### Task statement
Leaving the pictures aside, reproduce the data in full and word for word.

### Provided records
= = = = = = =

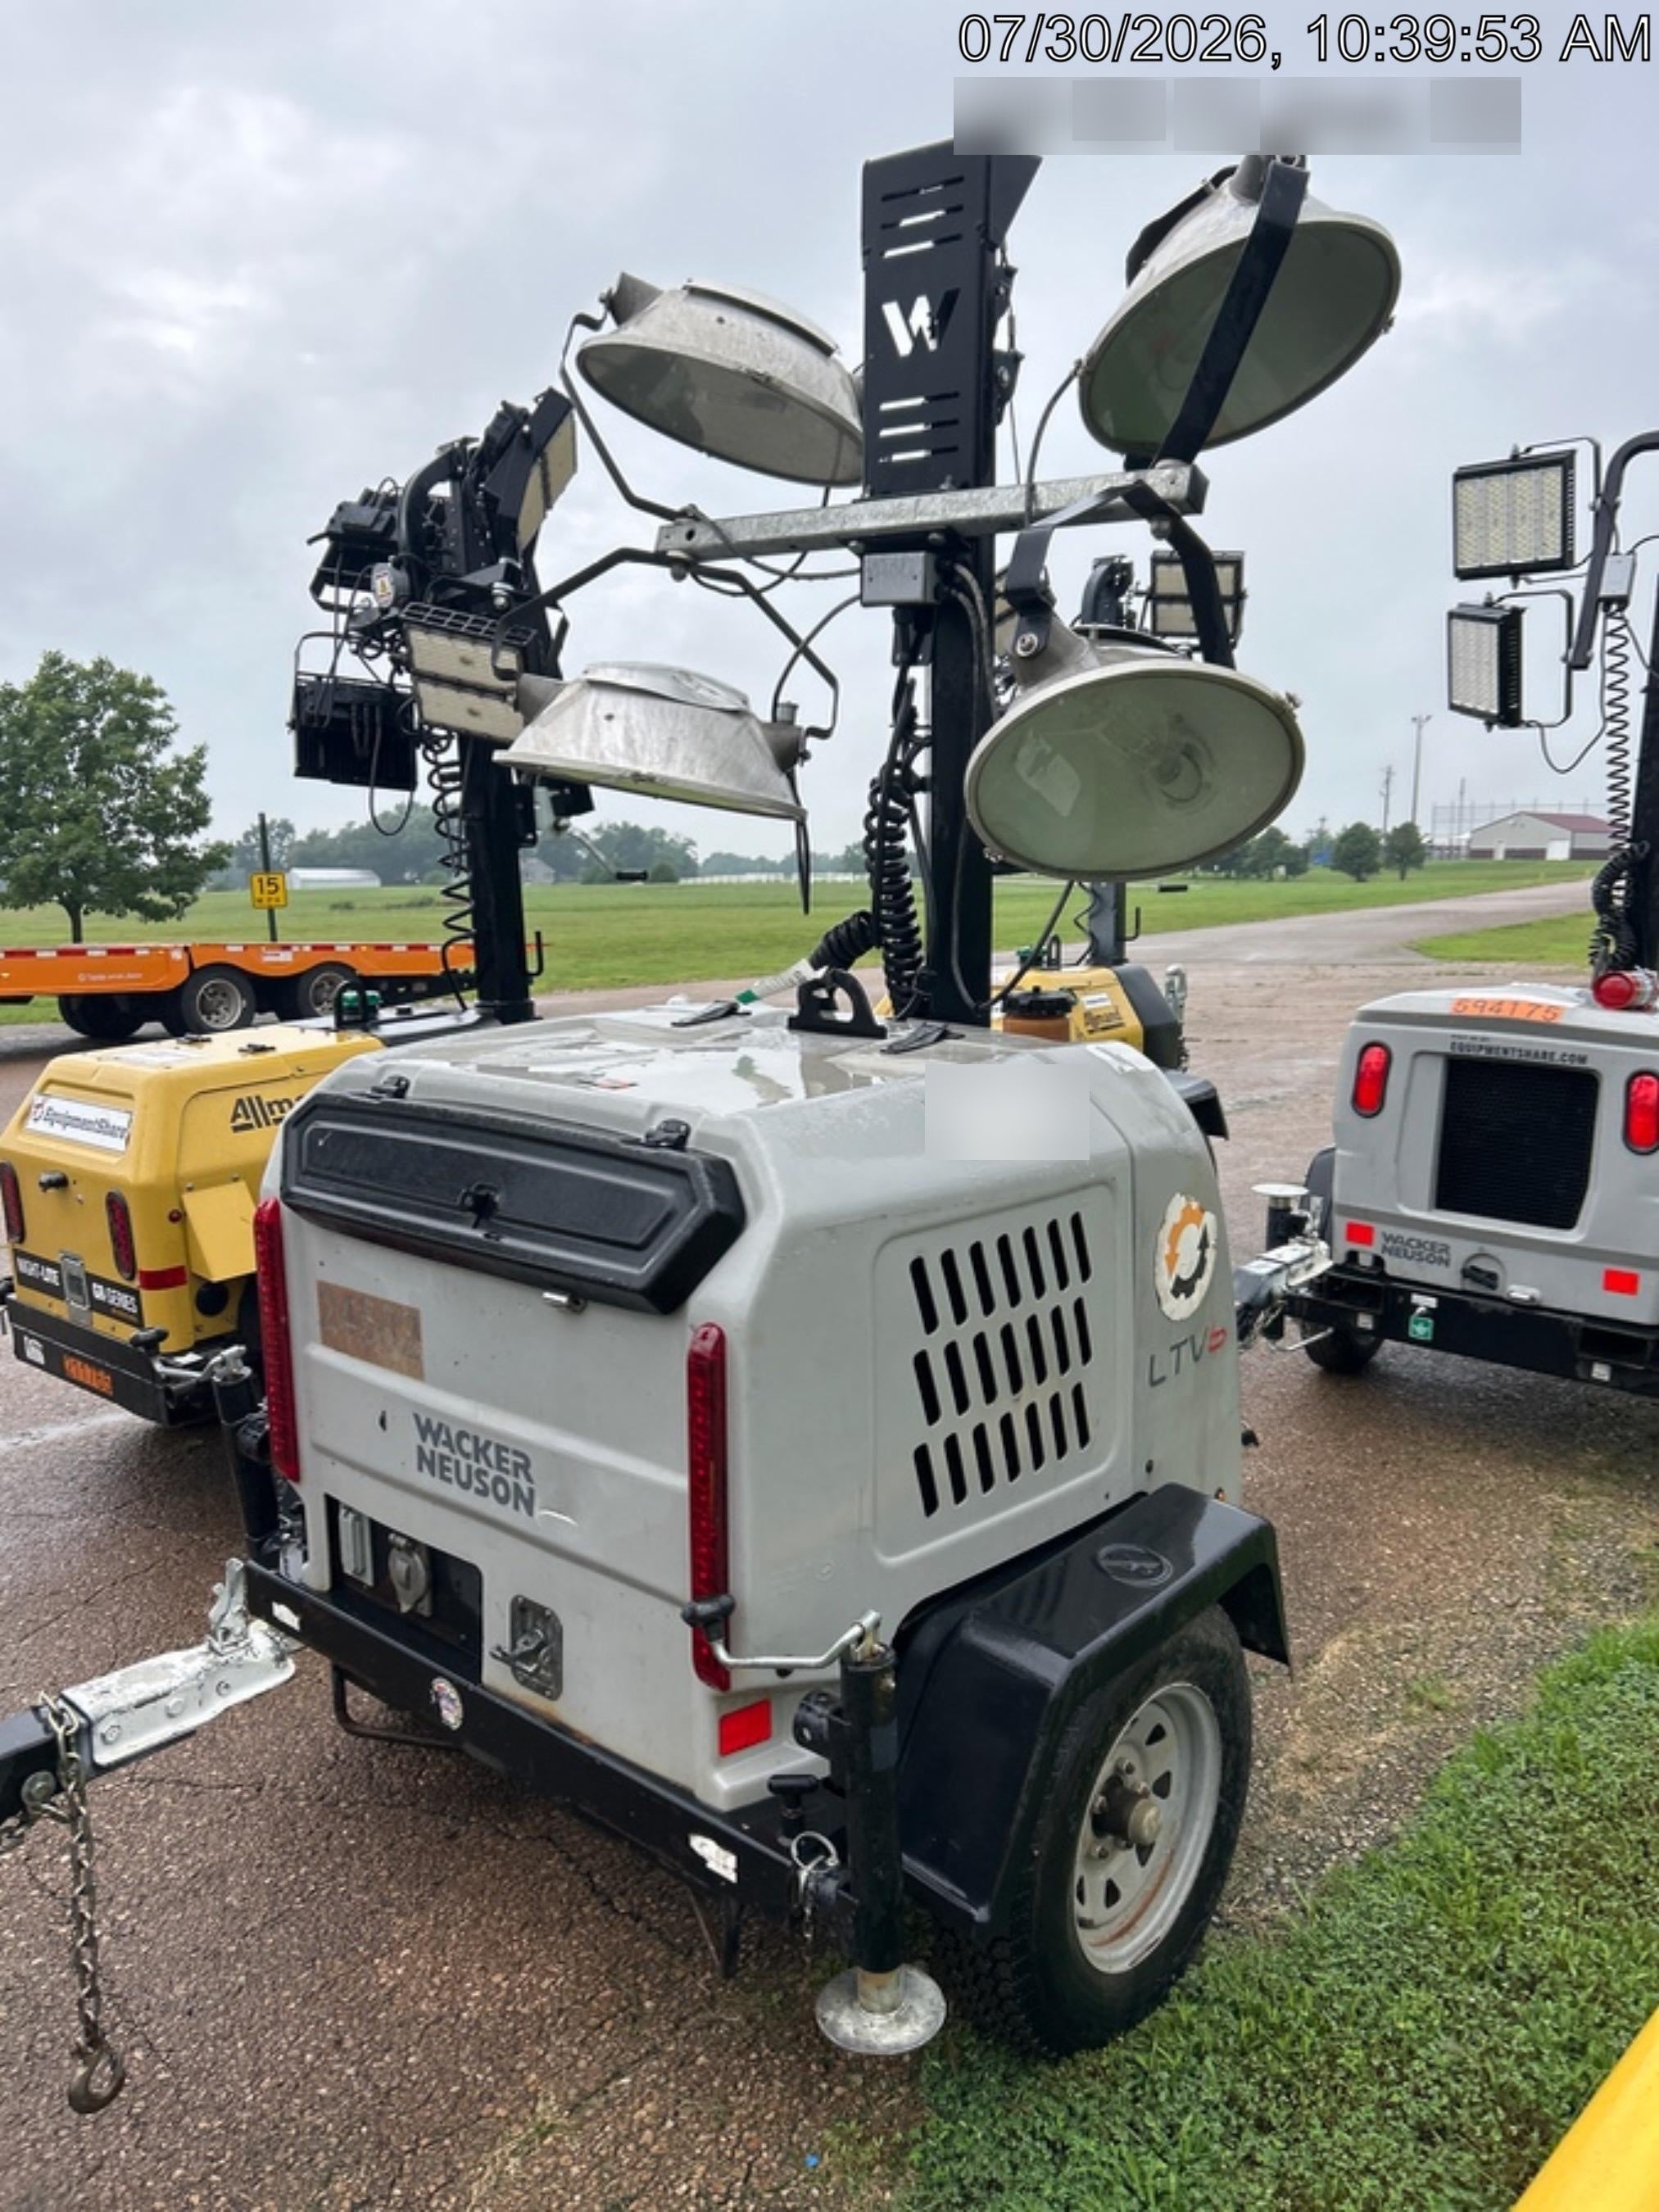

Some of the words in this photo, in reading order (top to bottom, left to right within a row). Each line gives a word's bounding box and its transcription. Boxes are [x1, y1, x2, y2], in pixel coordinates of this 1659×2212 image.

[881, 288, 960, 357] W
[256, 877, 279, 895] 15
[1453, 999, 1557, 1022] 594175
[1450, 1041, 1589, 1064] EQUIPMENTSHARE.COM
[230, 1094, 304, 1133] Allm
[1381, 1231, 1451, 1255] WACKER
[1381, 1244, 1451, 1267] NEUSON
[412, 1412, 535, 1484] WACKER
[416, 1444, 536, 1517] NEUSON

= = = = = = =

### Response area
Some of the words in this photo, in reading order (top to bottom, left to right within a row). Each line gives a word's bounding box and its transcription. Boxes are [x1, y1, x2, y2], in pixel coordinates of this 1659×2212 image.

[881, 288, 960, 357] W
[256, 877, 279, 895] 15
[1453, 999, 1557, 1022] 594175
[1450, 1041, 1589, 1064] EQUIPMENTSHARE.COM
[230, 1094, 304, 1133] Allm
[1381, 1231, 1451, 1255] WACKER
[1381, 1244, 1451, 1267] NEUSON
[412, 1412, 535, 1484] WACKER
[416, 1444, 536, 1517] NEUSON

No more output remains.